Face ID, Touch ID and the Future

Ever since the launch of the iPhone 5s in the fall of 2013, we’ve had Touch ID. That’s the fingerprint recognition system that’s been on all new iPhones ever since. Except the iPhone X which uses Face ID.

As Touch ID evolved, Apple thought about how it could be a feature of not just iPhones but the new MacBook Pros starting in late 2016. That resulted in the Touch ID section of the MacBook Pro’s Touch Bar.

We naturally wondered what would happen to Macs without built-in keyboards, like the iMacs. But at WWDC 2017, Apple introduced new iMacs with standard keyboards, The Magic Keyboard family. Okay, we thought, Apple wasn’t ready with a new keyboard with a Secure Enclave and an encrypted link to the iMac. We’ll wait.

For awhile, there were rumors that only the iMac Pro would have this kind of advanced, possibly expensive, keyboard. That would be a shame. Or maybe the standard iMac would models would ship with a Touch ID keyboard in the future. A recent demo of the iMac Pro had the same keyboard showed at WWDC. Maybe the advanced keyboard will never appear. Maybe it will be unveiled in December.
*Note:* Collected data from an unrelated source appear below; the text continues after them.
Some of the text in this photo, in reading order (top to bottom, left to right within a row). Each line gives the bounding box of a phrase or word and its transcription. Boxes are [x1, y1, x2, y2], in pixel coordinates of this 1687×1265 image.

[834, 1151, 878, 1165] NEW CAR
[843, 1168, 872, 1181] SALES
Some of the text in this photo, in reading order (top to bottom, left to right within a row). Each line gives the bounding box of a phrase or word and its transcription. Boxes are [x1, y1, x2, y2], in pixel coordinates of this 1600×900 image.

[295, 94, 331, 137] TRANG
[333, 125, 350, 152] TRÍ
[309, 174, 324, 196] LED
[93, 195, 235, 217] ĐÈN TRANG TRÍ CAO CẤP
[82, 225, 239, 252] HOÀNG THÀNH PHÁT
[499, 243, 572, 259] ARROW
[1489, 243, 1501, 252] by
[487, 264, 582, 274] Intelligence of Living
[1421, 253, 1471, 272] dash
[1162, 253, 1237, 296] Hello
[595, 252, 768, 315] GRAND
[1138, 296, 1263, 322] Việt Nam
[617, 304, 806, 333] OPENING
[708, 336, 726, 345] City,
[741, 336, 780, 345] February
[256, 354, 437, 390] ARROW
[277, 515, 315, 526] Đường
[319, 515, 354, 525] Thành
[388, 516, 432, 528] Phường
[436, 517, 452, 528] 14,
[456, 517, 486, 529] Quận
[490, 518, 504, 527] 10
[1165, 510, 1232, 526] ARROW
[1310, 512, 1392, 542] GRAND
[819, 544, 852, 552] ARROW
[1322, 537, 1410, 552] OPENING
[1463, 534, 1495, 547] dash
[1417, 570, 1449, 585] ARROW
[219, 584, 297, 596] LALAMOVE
But then Face ID came along, and that, Apple says, is much more secure. It looks to be the best authentication system going forward on iPhones. And so. If it’s so great, will Face ID be implemented on future MacBook/Pros? Will future MacBooks get a simpler Touch Bar but have Faced ID? Alternatively will the Touch Bar, which hasn’t set the world on fire, disappear altogether from MacBook Pros— which will sport a FaceID system above the display as in the iPhone X? (The “notch.”)

Worse, what about the imminent Mac Pro? It doesn’t have a built-in display and may well sit hidden under a desk. Will Apple offer a custom display with Face ID? That would greatly annoy technical professionals who like to select their own special purpose displays. They’d hate to be forced to chose between an Apple display with Face ID and their own favored 3rd party display.
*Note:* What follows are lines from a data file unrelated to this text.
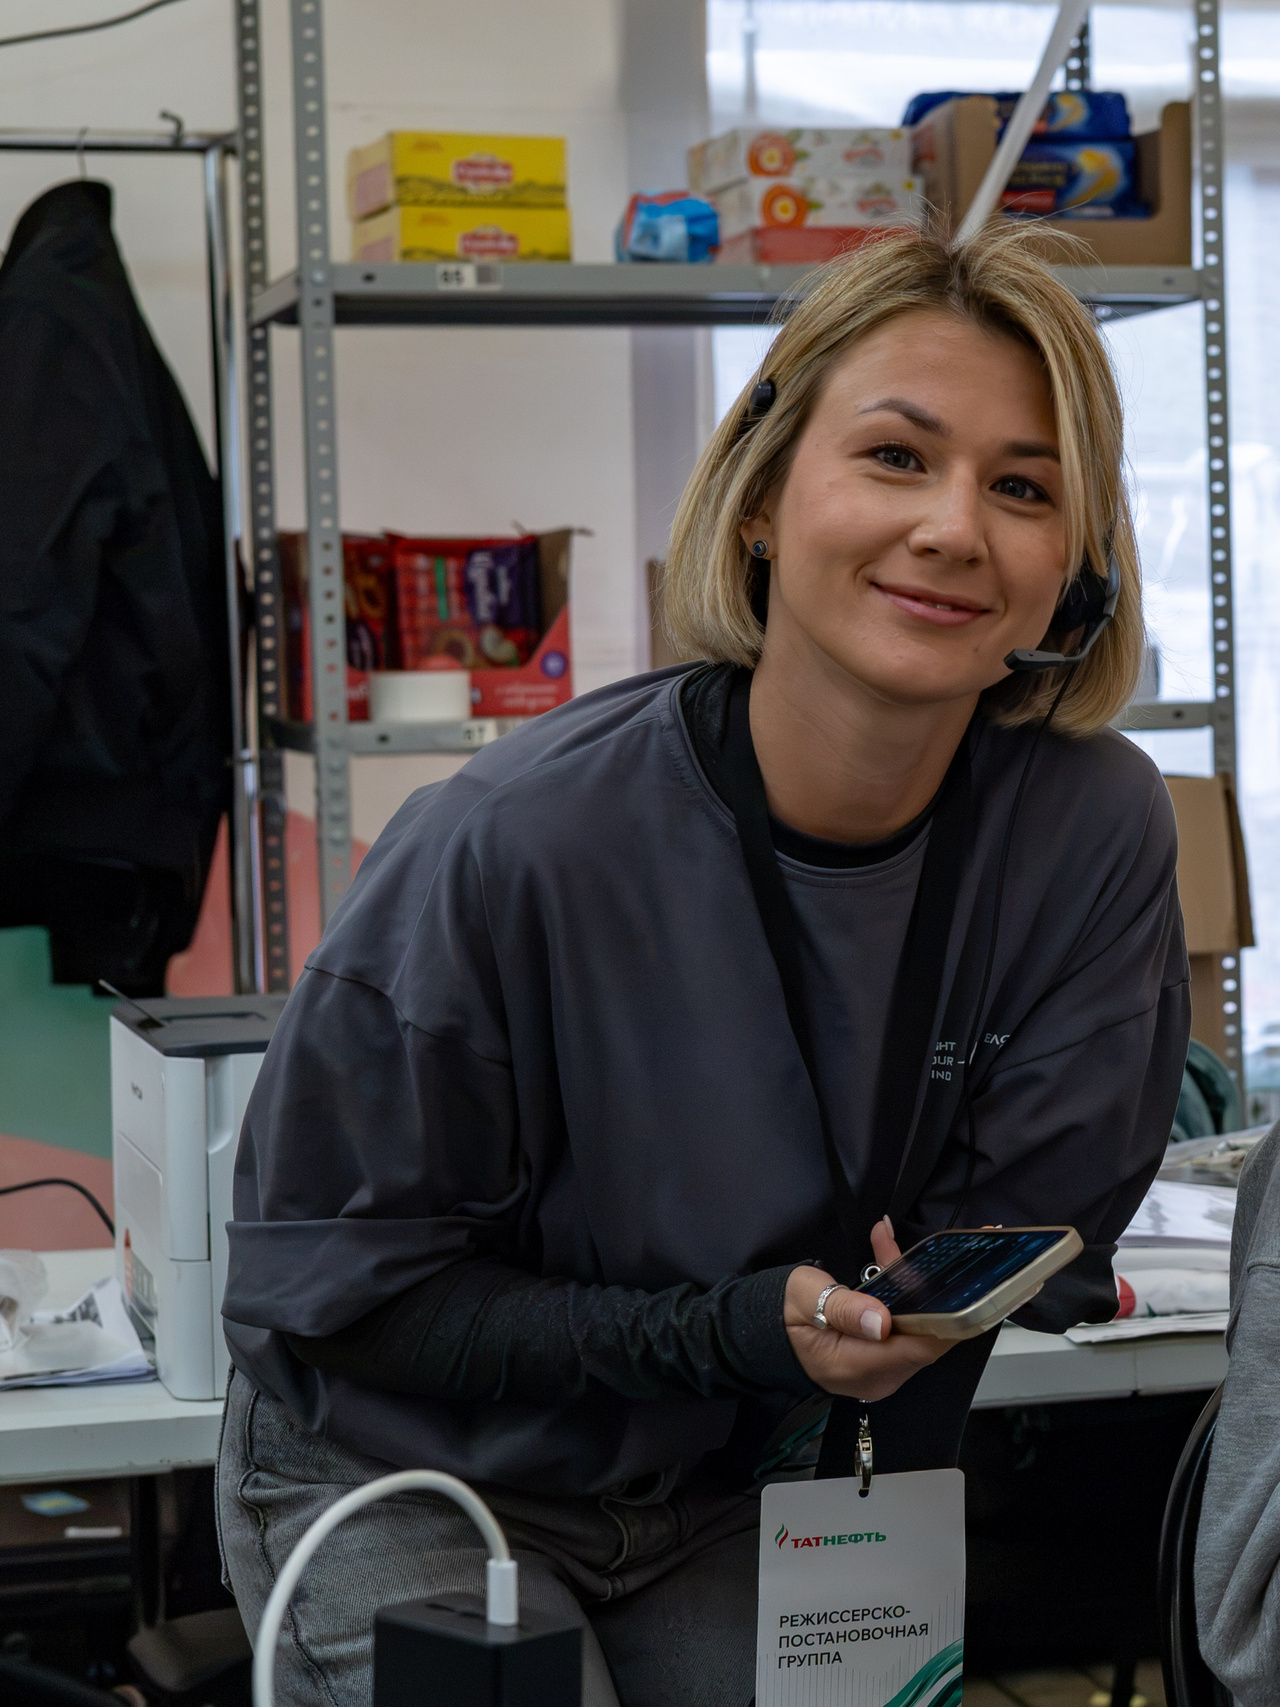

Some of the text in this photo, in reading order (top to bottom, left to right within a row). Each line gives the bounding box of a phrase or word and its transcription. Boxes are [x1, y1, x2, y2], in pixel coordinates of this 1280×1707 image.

[791, 1532, 887, 1549] ТАТНЕФТЬ
[779, 1605, 911, 1628] РЕЖИССЕРСКО-
[778, 1623, 929, 1649] ПОСТАНОВОЧНАЯ
[778, 1652, 842, 1669] ГРУППА
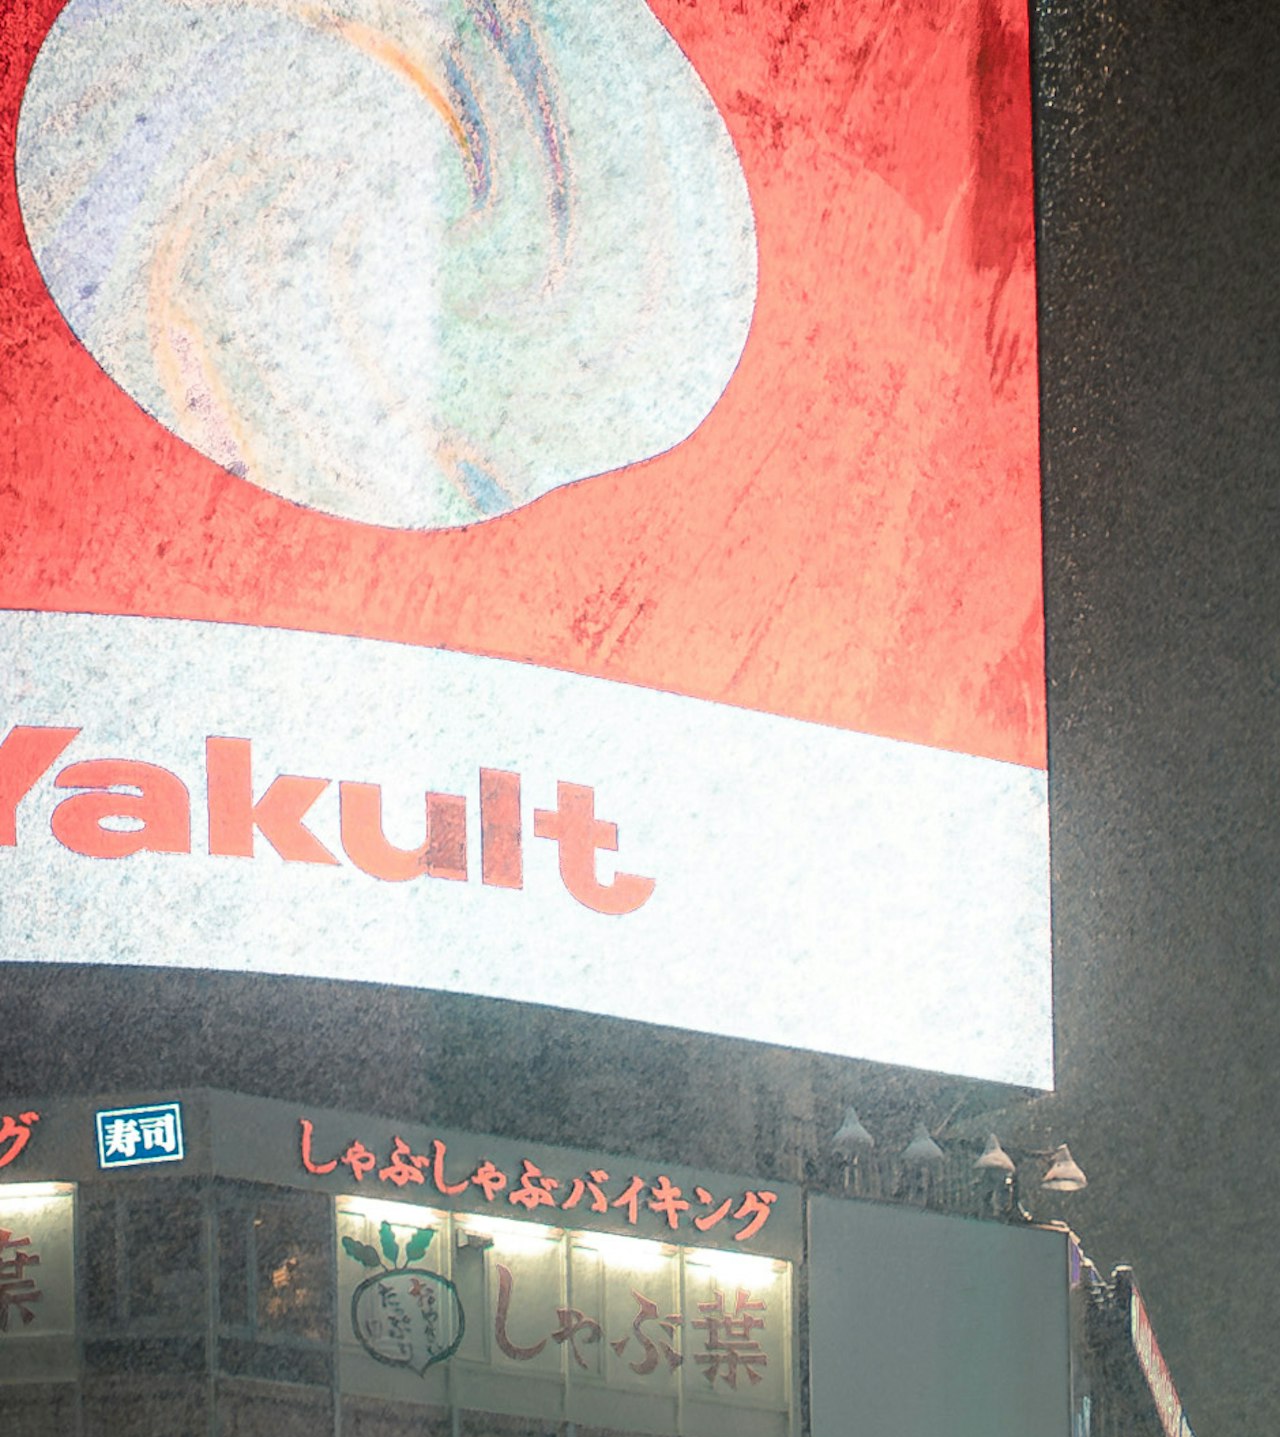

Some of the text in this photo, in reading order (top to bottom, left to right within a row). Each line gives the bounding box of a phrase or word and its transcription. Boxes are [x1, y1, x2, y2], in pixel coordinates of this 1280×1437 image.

Finally, don’t get me started on the Apple TV remote.  I’m out of room.


Apple sells a lot of different devices for differing user needs that have different sizes, roles, and operational profiles. Syncing all these technologies, like 3D Touch and Face ID across platforms is tough. On one hand, the iPhone X could be the progenitor for all the new technologies going forward, and subsequent Apple products will inherit its features. On the other hand, new technologies often mature on one platform and then don’t find a practical place on the other offerings.

It’s a decent problem to have, but it can also introduce user confusion about how to operate their various Apple devices. Keeping the naming conventions consistent and offering upgrades to make devices work the same, when feasible, is always welcome.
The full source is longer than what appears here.